Sources: https://github.com/Azure-Samples/app-service-msi-servicebus-dotnet https://docs.microsoft.com/en-us/azure/service-bus-messaging/service-bus-managed-service-identity

I'm looking for a way to do the same thing with a REST API call from within an Azure API Management policy. I've granted APIM, role based access to Service Bus and I'm able to get a token back, but I get this error back from Service Bus when attempting the REST API call with the managed identity token passed in the Authorization header:

MalformedToken: The credentials contained in the WRAP header are not well-formed.

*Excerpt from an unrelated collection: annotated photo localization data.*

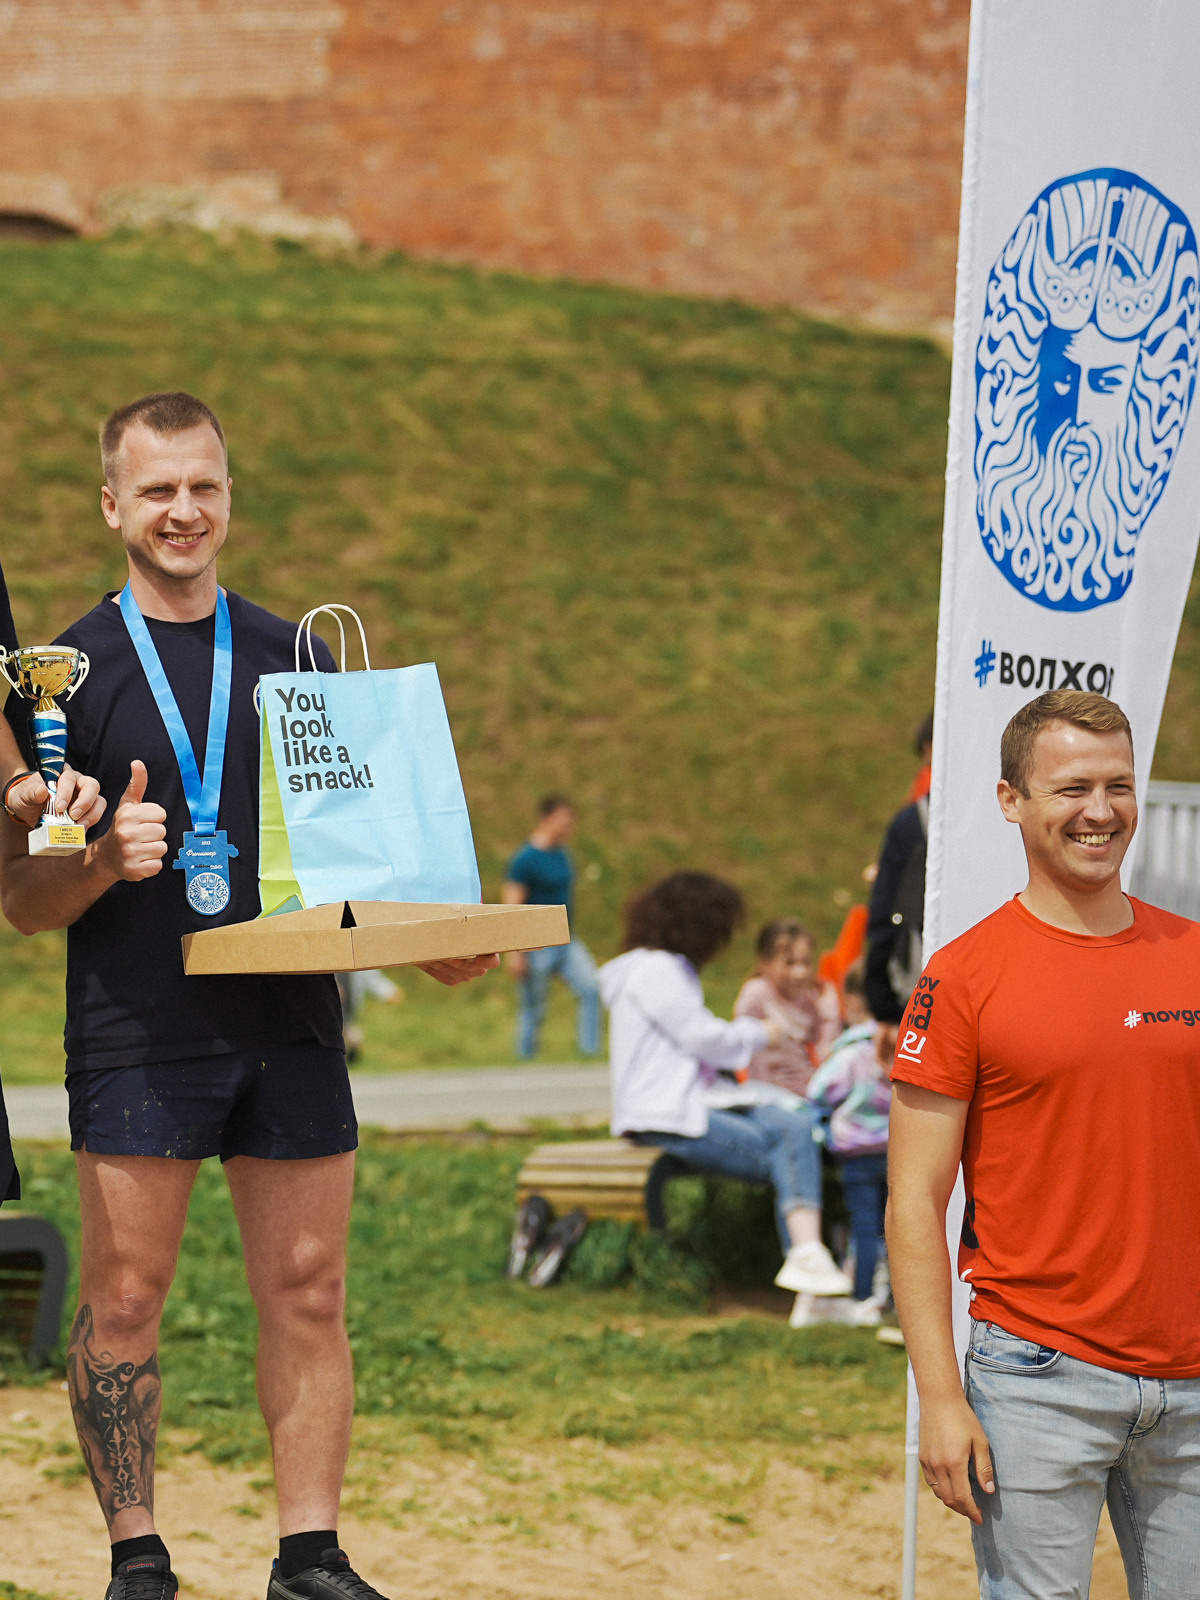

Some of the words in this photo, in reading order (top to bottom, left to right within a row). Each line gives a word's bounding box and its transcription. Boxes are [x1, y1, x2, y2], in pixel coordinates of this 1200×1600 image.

[275, 687, 326, 713] You
[280, 712, 335, 740] look
[283, 739, 333, 767] like
[336, 745, 351, 764] a
[288, 764, 374, 793] snack!

It looks like Service Bus might only support WRAP or SAS tokens at this point with their REST API: https://docs.microsoft.com/en-us/rest/api/servicebus/send-message-batch

But then again how is this working behind the scenes?

TokenProvider.CreateManagedServiceIdentityTokenProvider()

Seems like it should be possible with the REST API.

1
Seems like it assigns the token to the Authorization header, seems pretty standard :\juunas
Hmm, but it could be that they don't specify it as Authorization: Bearer tokenabcdef..... but as Authorization: tokenabcdef.juunas
@juunas I couldn't find any documentation on this unfortunately. I tried using the <authentication-managed-identity resource="servicebus.azure.net" /> APIM policy. It uses the "Bearer {token}" format, but SB doesn't like it.Joey Eng
@juunas You were right! It works with just the token value. No prefix. I wonder why this isn't documented. If you add that as an answer I'll give you credit.Joey Eng

1 Answers

0
votes

It seems in the SDK they don't specify it as Authorization: Bearer tokenabcdef..... but as Authorization: tokenabcdef. Which is a bit unusual.